The following questions are important in the decision-making process:
- Is there a known genetic disease carrier status in the couple?
- Has recurrent miscarriage occurred previously?
- Have there been previous failed IVF attempts?
- What are the woman’s age and ovarian reserve?
- What are the number and quality of embryos?
- Is there a family history of inherited disease?
- Which test is truly necessary and will provide meaningful results?
Therefore, when planning PGT, the IVF specialist, embryologist, and genetic counseling team should work together.
What Should Be Known About Preimplantation Genetic Diagnosis?
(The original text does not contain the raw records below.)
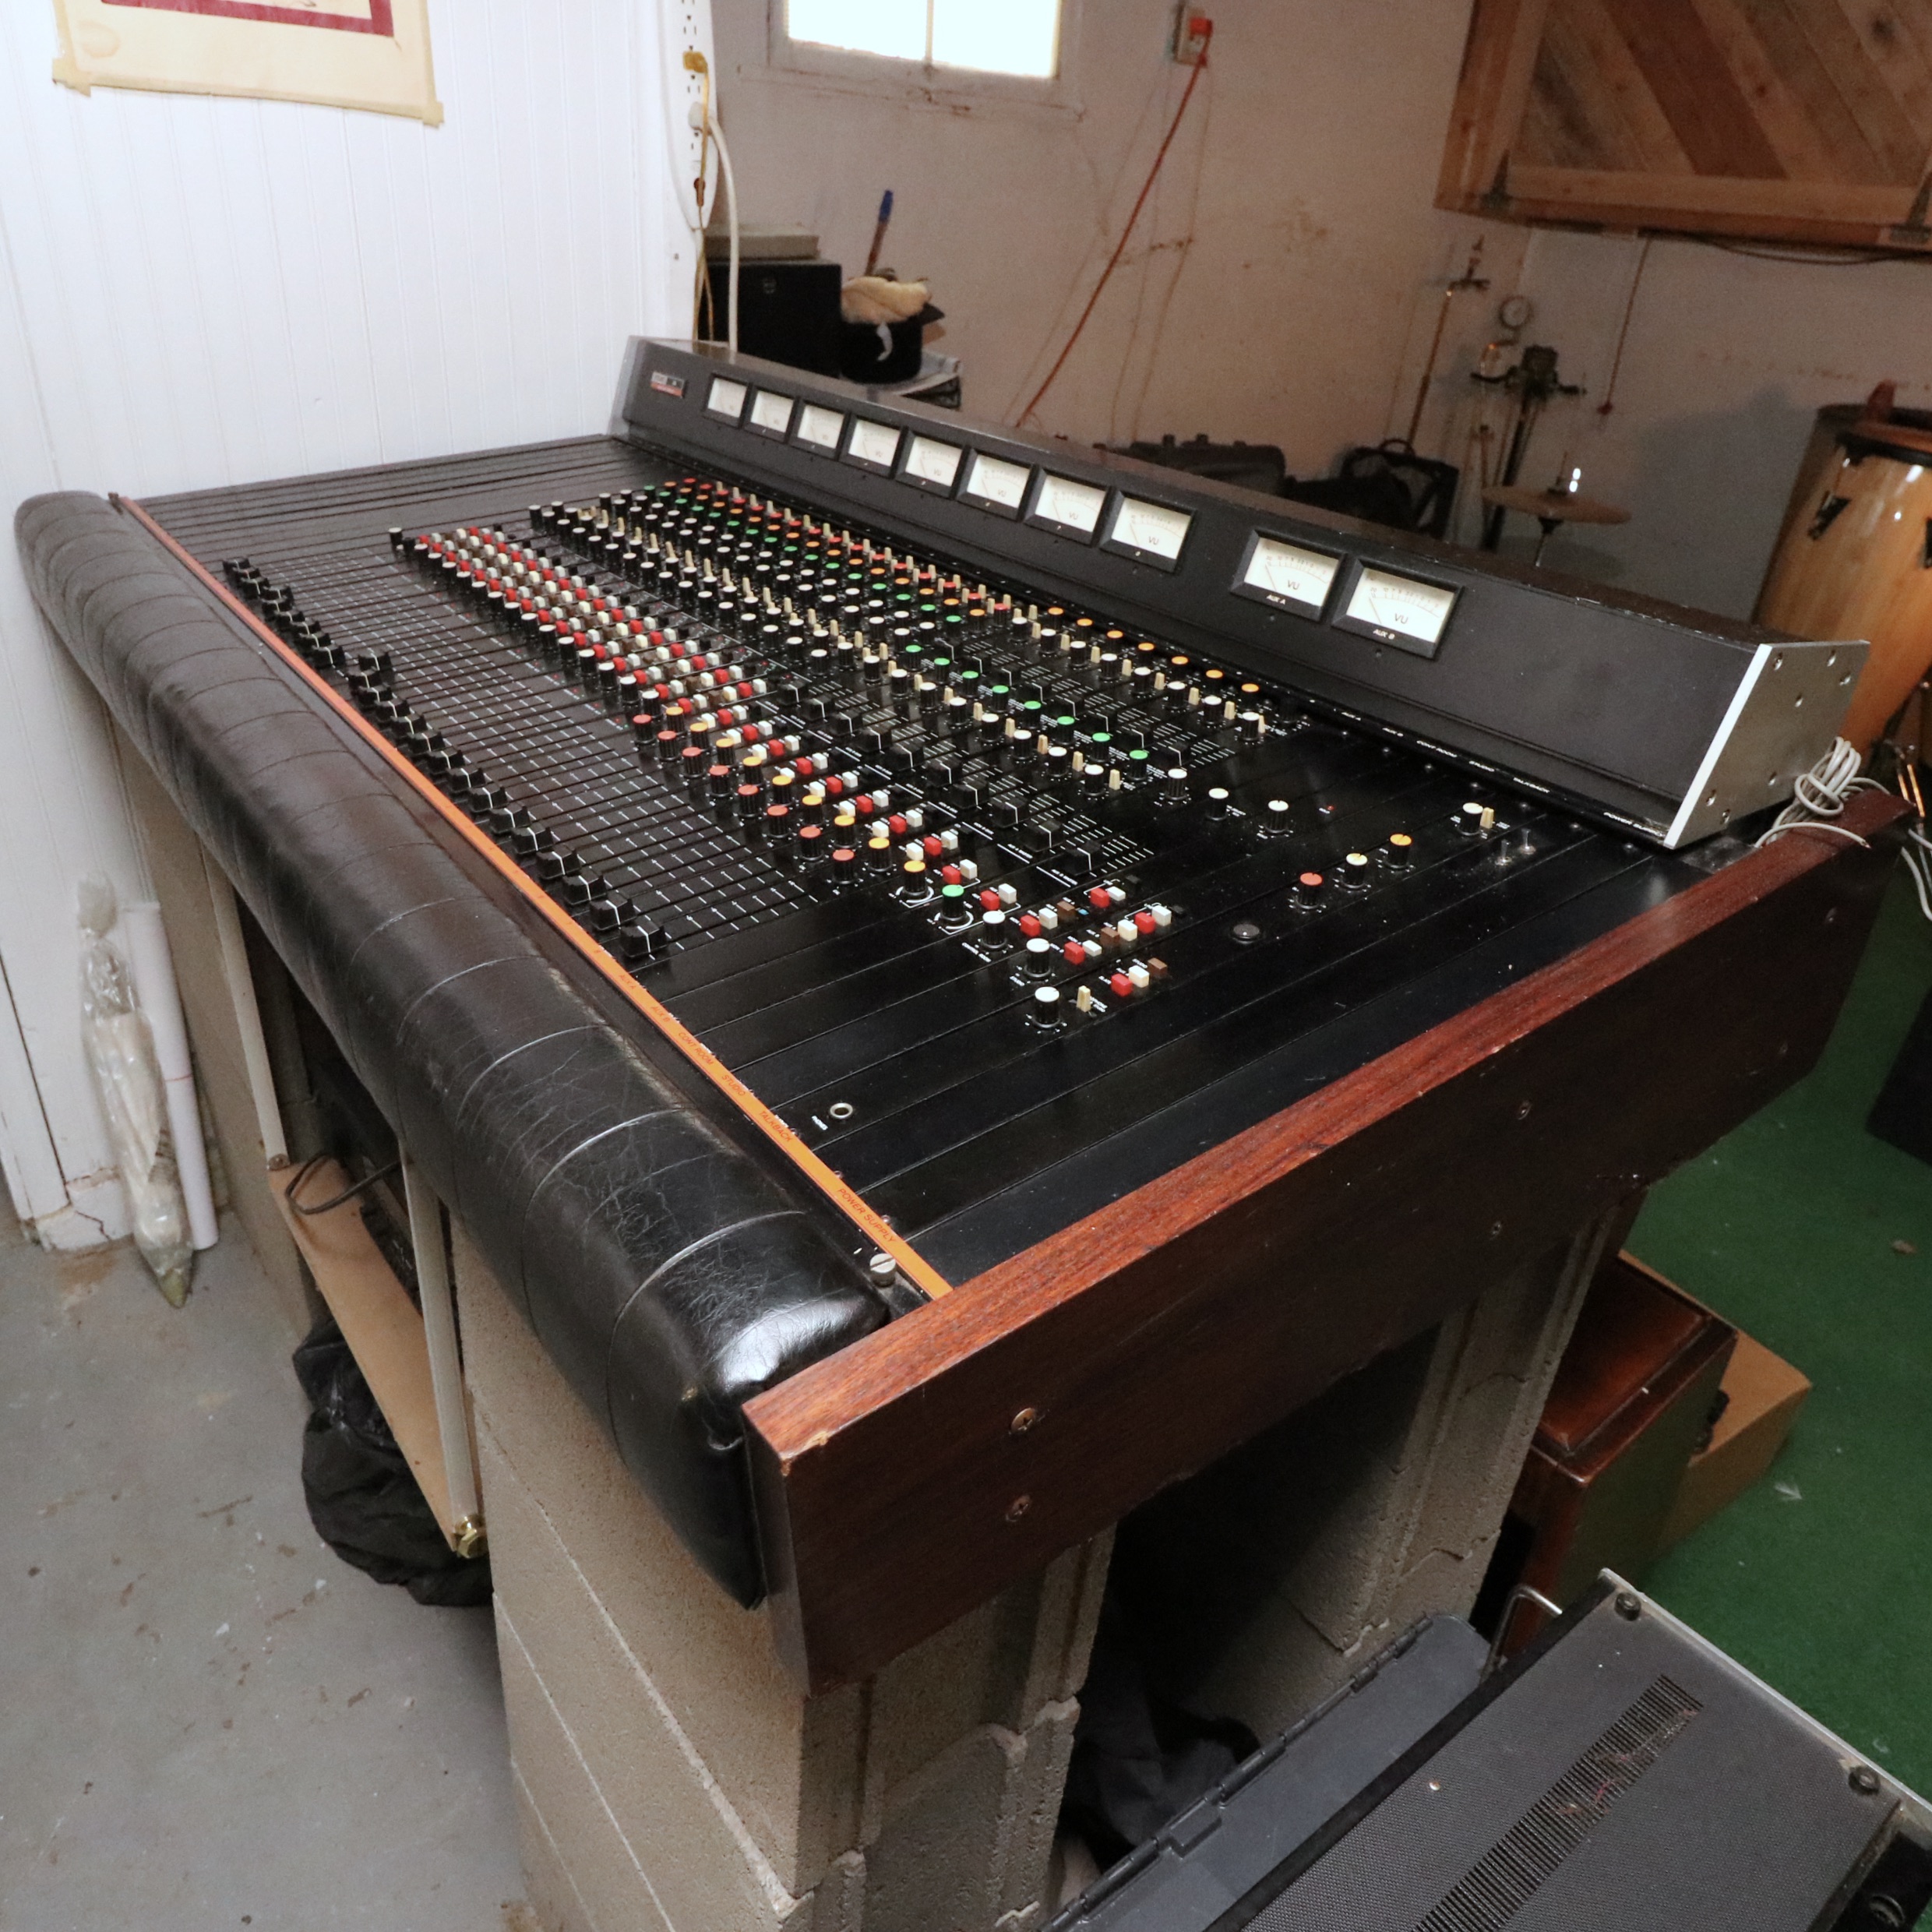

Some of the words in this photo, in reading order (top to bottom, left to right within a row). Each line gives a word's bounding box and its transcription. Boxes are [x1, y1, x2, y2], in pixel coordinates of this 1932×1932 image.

[1148, 536, 1160, 545] VU
[1287, 580, 1300, 591] VU
[1266, 594, 1280, 602] AUX
[1394, 613, 1408, 625] VU
[1373, 628, 1388, 638] AUX
[1468, 760, 1495, 772] STUDIO
[1513, 777, 1550, 794] TALKBACK
[1603, 812, 1633, 826] POWER
[679, 1031, 696, 1047] CONT
[694, 1048, 714, 1066] ROOM
[721, 1074, 746, 1096] STUDIO
[759, 1110, 794, 1143] TALKBACK
[837, 1188, 867, 1214] POWER
[863, 1214, 896, 1243] SUPPLY
Preimplantation genetic diagnosis is an advanced method that supports embryo selection in IVF treatment. Especially with the development of NGS technologies, PGT-A and PGT-M applications have become more sensitive and comprehensive.
These tests provide valuable information about embryos; however, they do not determine treatment success on their own. The most appropriate approach is to discuss in detail with the doctor why the test is requested, what result it may provide, and how it may affect the treatment plan.
Frequently Asked Questions
What is preimplantation genetic diagnosis?
Preimplantation genetic diagnosis is the genetic examination of embryos before they are transferred into the uterus during IVF treatment.
What is PGT-A?
PGT-A is a genetic test that investigates chromosomal number abnormalities in embryos. It is also known as aneuploidy screening.
What is PGT-M?
PGT-M is a preimplantation genetic testing method used to investigate specific single-gene diseases in embryos.
What does PGT with NGS mean?
NGS is a next-generation sequencing method. It can be used in the genetic analysis of cells taken from embryos during the PGT process.
Does preimplantation genetic diagnosis guarantee pregnancy?
No. PGT supports embryo selection but does not guarantee pregnancy. Pregnancy success depends on many different factors.